Limestone retaining wall building in Colorado: Ensure you order everything you need at once and set aside an allowance for breakages and cutting. Contrary to popular belief, building a fence on top or behind a Block Retaining wall is rather easy. In some cases where only a small amount of retaining is required as in 200-400mm, the fence can be built directly on top of the wall with the fence posts passing through the walling blocks and concreted into the ground as normal. This method would be ok to use with all forms of fencing such as post and rail, colour bond post and rail, good neighbour fencing, tubular panel and even pool fencing.
Get the first course right. Use a torpedo level to level each block front to back and either a 4-foot or 6-foot level to keep each course level and even. Set the blocks with a heavy rubber or plastic mallet. Getting the first course flat and level is extremely important, so take your time. Try to lay the course as close to the center of the trench as possible. Even a small pebble on the surface of a block will throw the one above it out of alignment. And that crooked block will affect the one above it, and so on. That little stone could eventually create an unattractive hump in the top course.

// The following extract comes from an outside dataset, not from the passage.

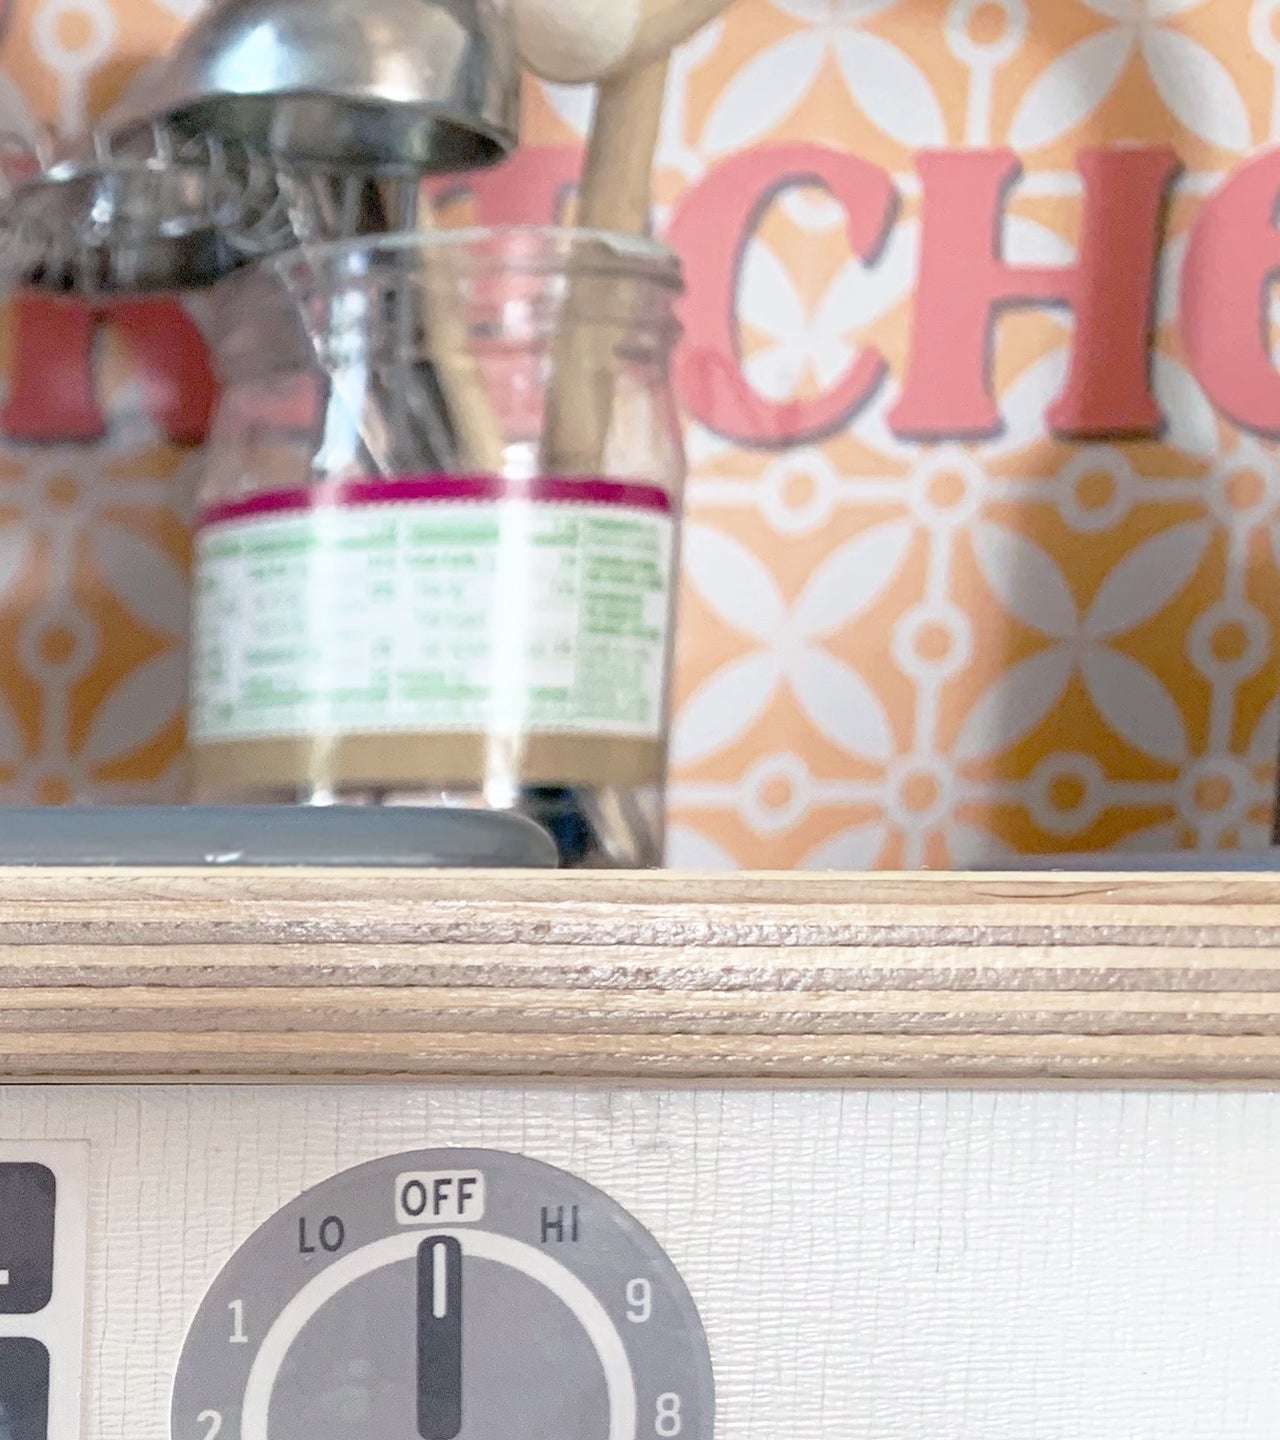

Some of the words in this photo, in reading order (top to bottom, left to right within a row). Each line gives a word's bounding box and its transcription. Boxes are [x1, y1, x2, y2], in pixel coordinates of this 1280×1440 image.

Reducing soil erosion, turning steep slopes into terraced backdrops, creating focal points in the landscape—retaining walls serve many purposes. Indeed, they are some of the most common ways to correct problems caused by hilly areas! Well-built retaining walls transform unworkable inclines into usable outdoor space for the garden. Despite their simple appearance, though, these walls require a good deal of planning—sometimes professional engineering—to keep their shape. Soil is heavy, especially when soaking wet from a recent rainstorm, so a basic retaining wall (four feet tall and 15 feet long) potentially has to support up to 20 tons of soil pressure. With every additional foot of height, the pressure of the soil increases substantially. Miscalculate your construction plans, and you could end up with a weak wall that risks bulging or, worse, collapsing altogether. For just this reason, retaining walls taller than four feet should be designed and constructed by the pros.

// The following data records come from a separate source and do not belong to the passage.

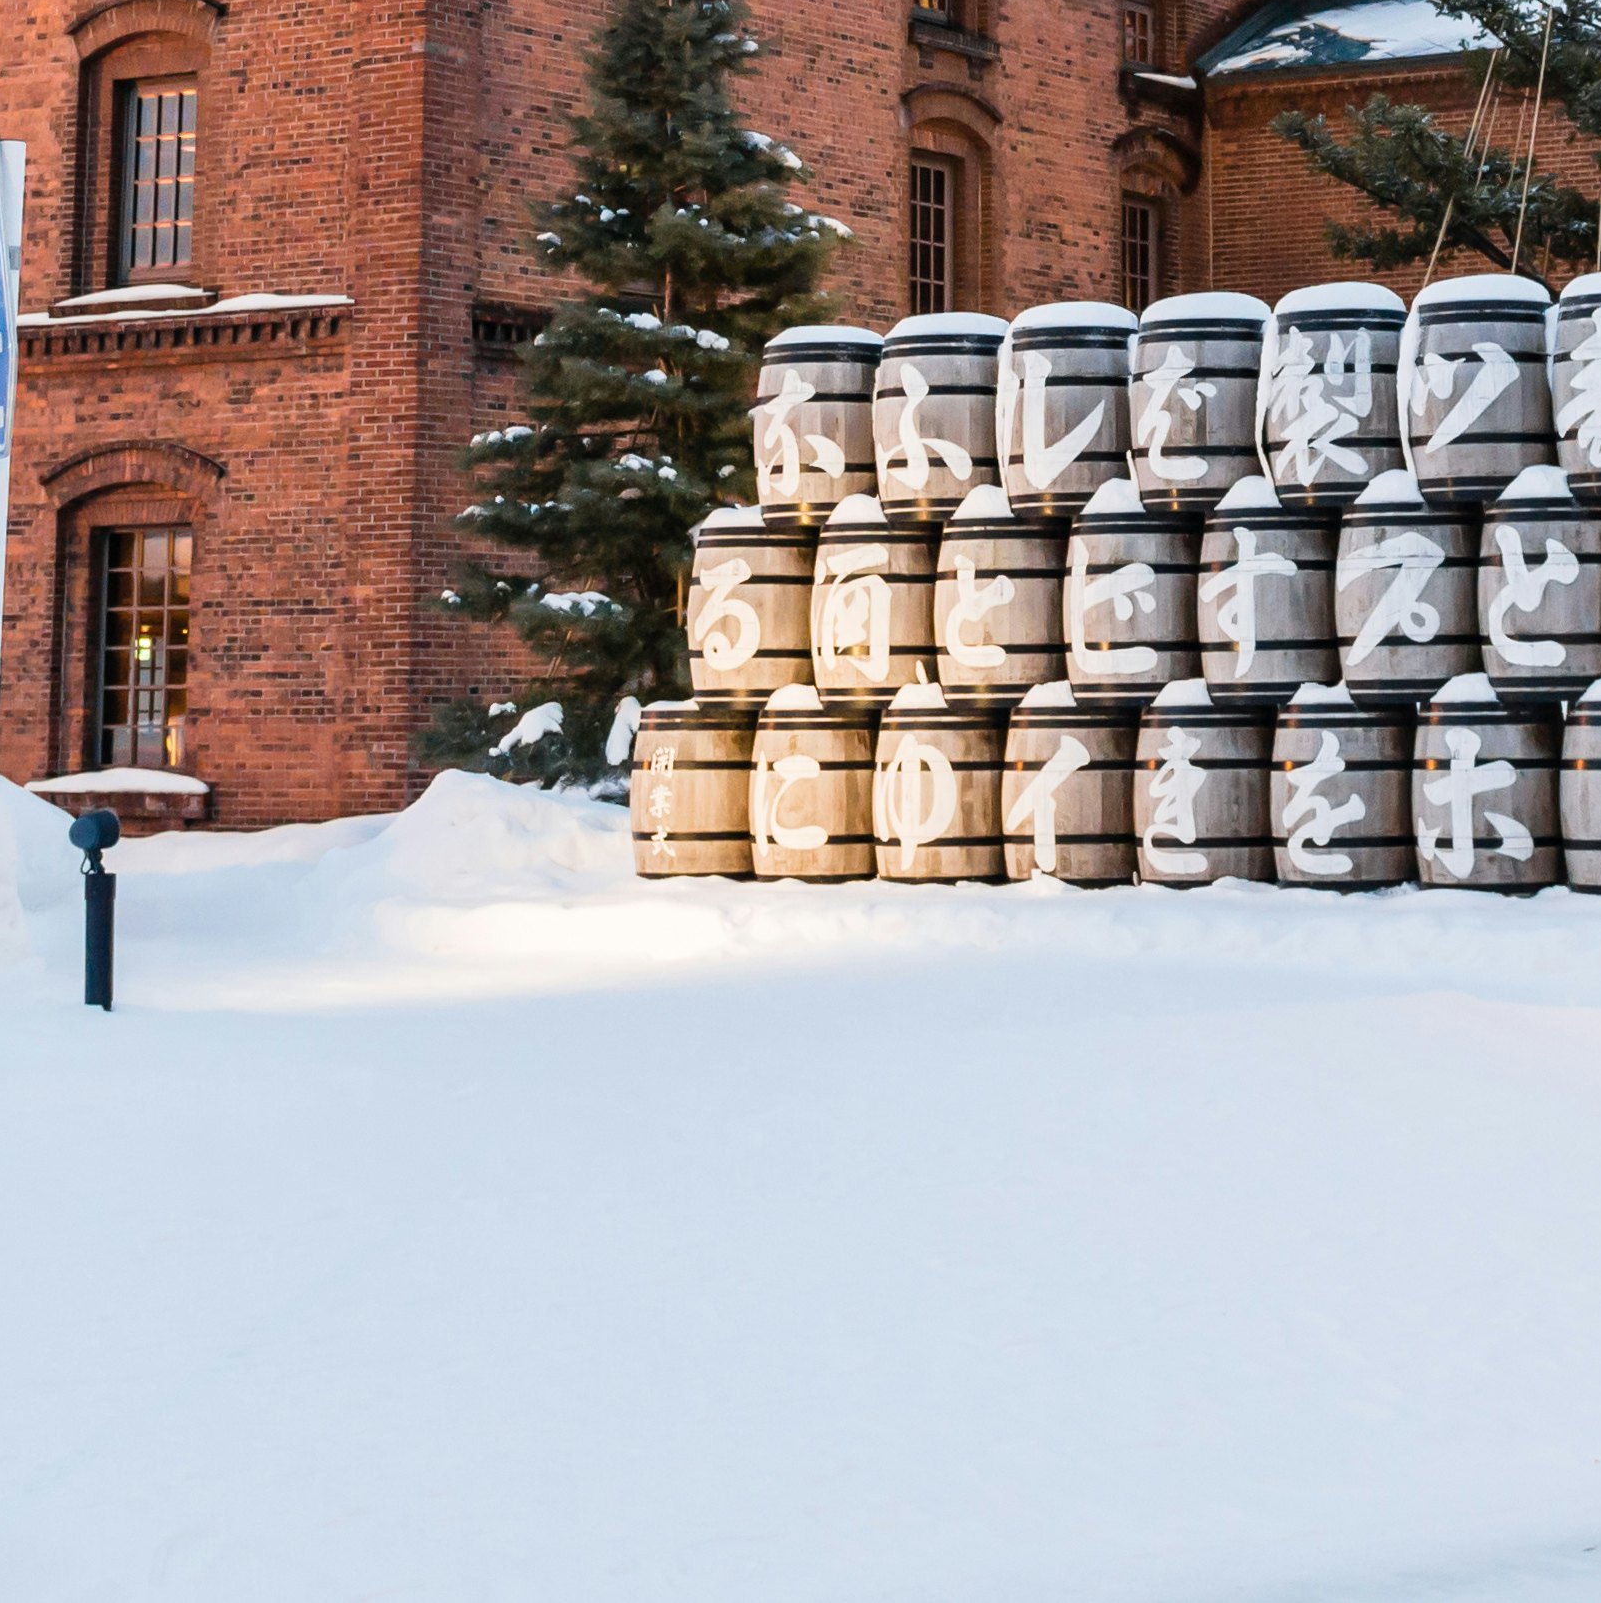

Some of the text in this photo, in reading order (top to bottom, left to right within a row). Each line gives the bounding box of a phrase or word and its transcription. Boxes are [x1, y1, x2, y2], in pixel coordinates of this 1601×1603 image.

[694, 558, 760, 671] る
[945, 554, 1015, 668] と
[1200, 527, 1297, 678] す
[1488, 524, 1580, 667] と
[753, 749, 829, 857] に
[874, 733, 957, 871] ゆ
[1282, 730, 1366, 875] を

After mixing your concrete, pour the wall in horizontal layers of not more than 20 inches, beginning at the ends and moving toward the center. Use a ramp to wheel the concrete into position and a splashboard to direct the pour and control spillage. Remove the spacers as you go, and work the concrete against the sides of the form and around the reinforcement as each layer is poured. Pour layers as soon after the previous one as possible to avoid cold (non-bonded) joints, which cause leaks. Strike off the concrete flush with the top of the form, and then trowel it to the desired finish. Insert anchor bolts for mud sills and wooden caps once the concrete has set sufficiently to hold them. Because of the pressure created by the slope of the lawn, cure the concrete for at least seven days before removing the forms. Discover extra details at Colorado Retaining Wall Builder.
We also repair existing retaining walls. Many railroad tie walls or older concrete retaining walls which may or may not include rocks or boulders are beginning to show signs of failure. Often times a homeowner will build a DIY retaining wall that needs help after years of service. We serve all of Colorado out of our home office in Colorado Springs. Please feel free to reach out to us with any questions you may have. Estimates are always free and everything we touch comes with a warranty.